Essas mosquinhas são pequenas, fáceis de criar e em pouco tempo podem gerar grande número de descendentes. Além disso, a espécie apresenta apenas quatro tipos de cromossomos e muitas características físicas fáceis de observar, como a cor dos olhos e o tipo de asas. Nos cruzamentos das drosófilas, de vez em quando, é possível notar o nascimento de descendentes com características novas, que não são vistas na população original.
Durante a replicação do material genético podem ocorrer erros, e alguns deles levam ao surgimento de novas características. Esses erros são conhecidos como mutações e, quando ocorrem na produção de gametas, podem ser transmitidos aos descendentes (mutantes). A exposição à radiação solar e à fumaça
do cigarro, entre outros fatores, favorecem a ocorrência de mutações. Nas drosófilas, alguns mutantes têm asas muito reduzidas, chamadas vestigiais; outros apresentam a cor ou o formato dos olhos diferentes da condição comum. Esses organismos mutantes, quando cruzados, podem também passar as características deles para os descendentes.
A descoberta do DNA
No capítulo 6 você vai aprender que toda a matéria é formada por átomos e que os átomos podem se reunir formando moléculas, ambos invisíveis a olho nu. A molécula de água, por exemplo, é formada pela reunião de dois átomos de hidrogênio e um de oxigênio.

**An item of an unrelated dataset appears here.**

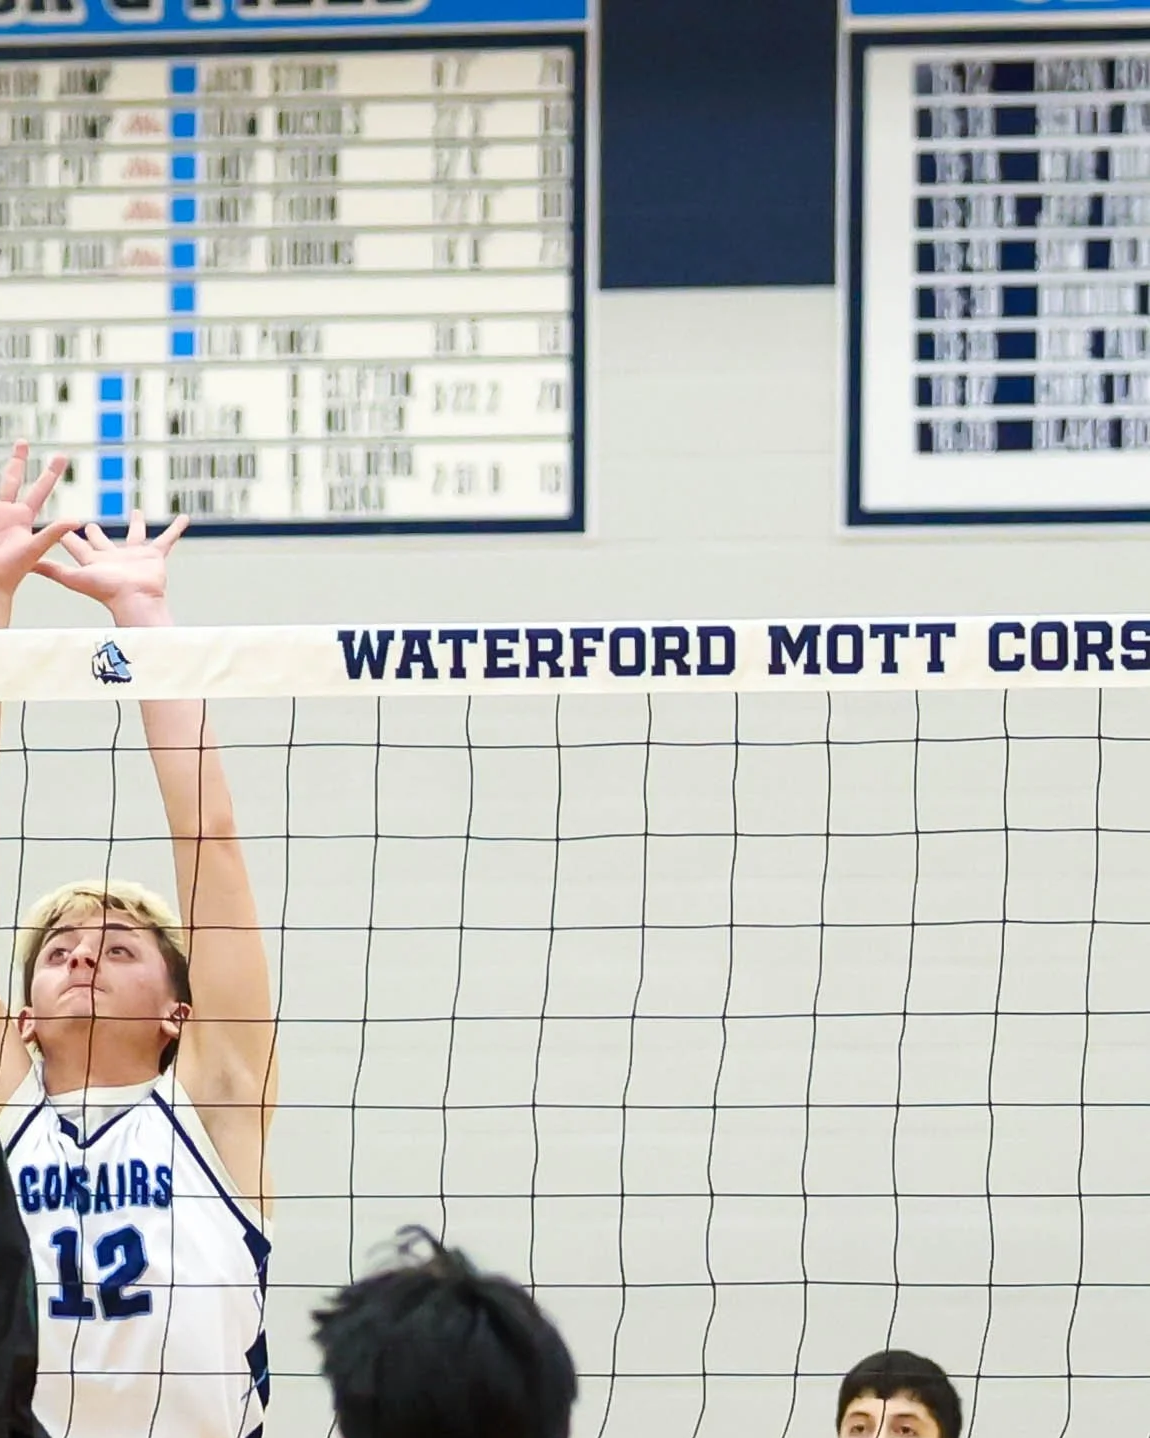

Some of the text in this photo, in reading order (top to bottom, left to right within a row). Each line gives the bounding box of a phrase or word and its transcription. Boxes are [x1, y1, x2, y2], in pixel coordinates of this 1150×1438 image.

[337, 620, 1150, 680] WATERFORD MOTT CORS
[48, 1223, 154, 1322] 12

Em Biologia, uma das moléculas mais estudadas é o ácido desoxirribonucleico, ou DNA. Vamos conhecer então um pouco da história da descoberta da estrutura dessa molécula. Em 1952, na Inglaterra, o pesquisador neozelandês Maurice Wilkins (1916-2004) e a química britânica Rosalind Franklin (1920-1958) obtiveram imagens da moléculae DNA com uma técnica conhecida como difração de raios X. Nessa técnica, uma imagem da substância química é produzida quando ela é irradiada
por raios X, fornecendo informações sobre a estrutura da molécula.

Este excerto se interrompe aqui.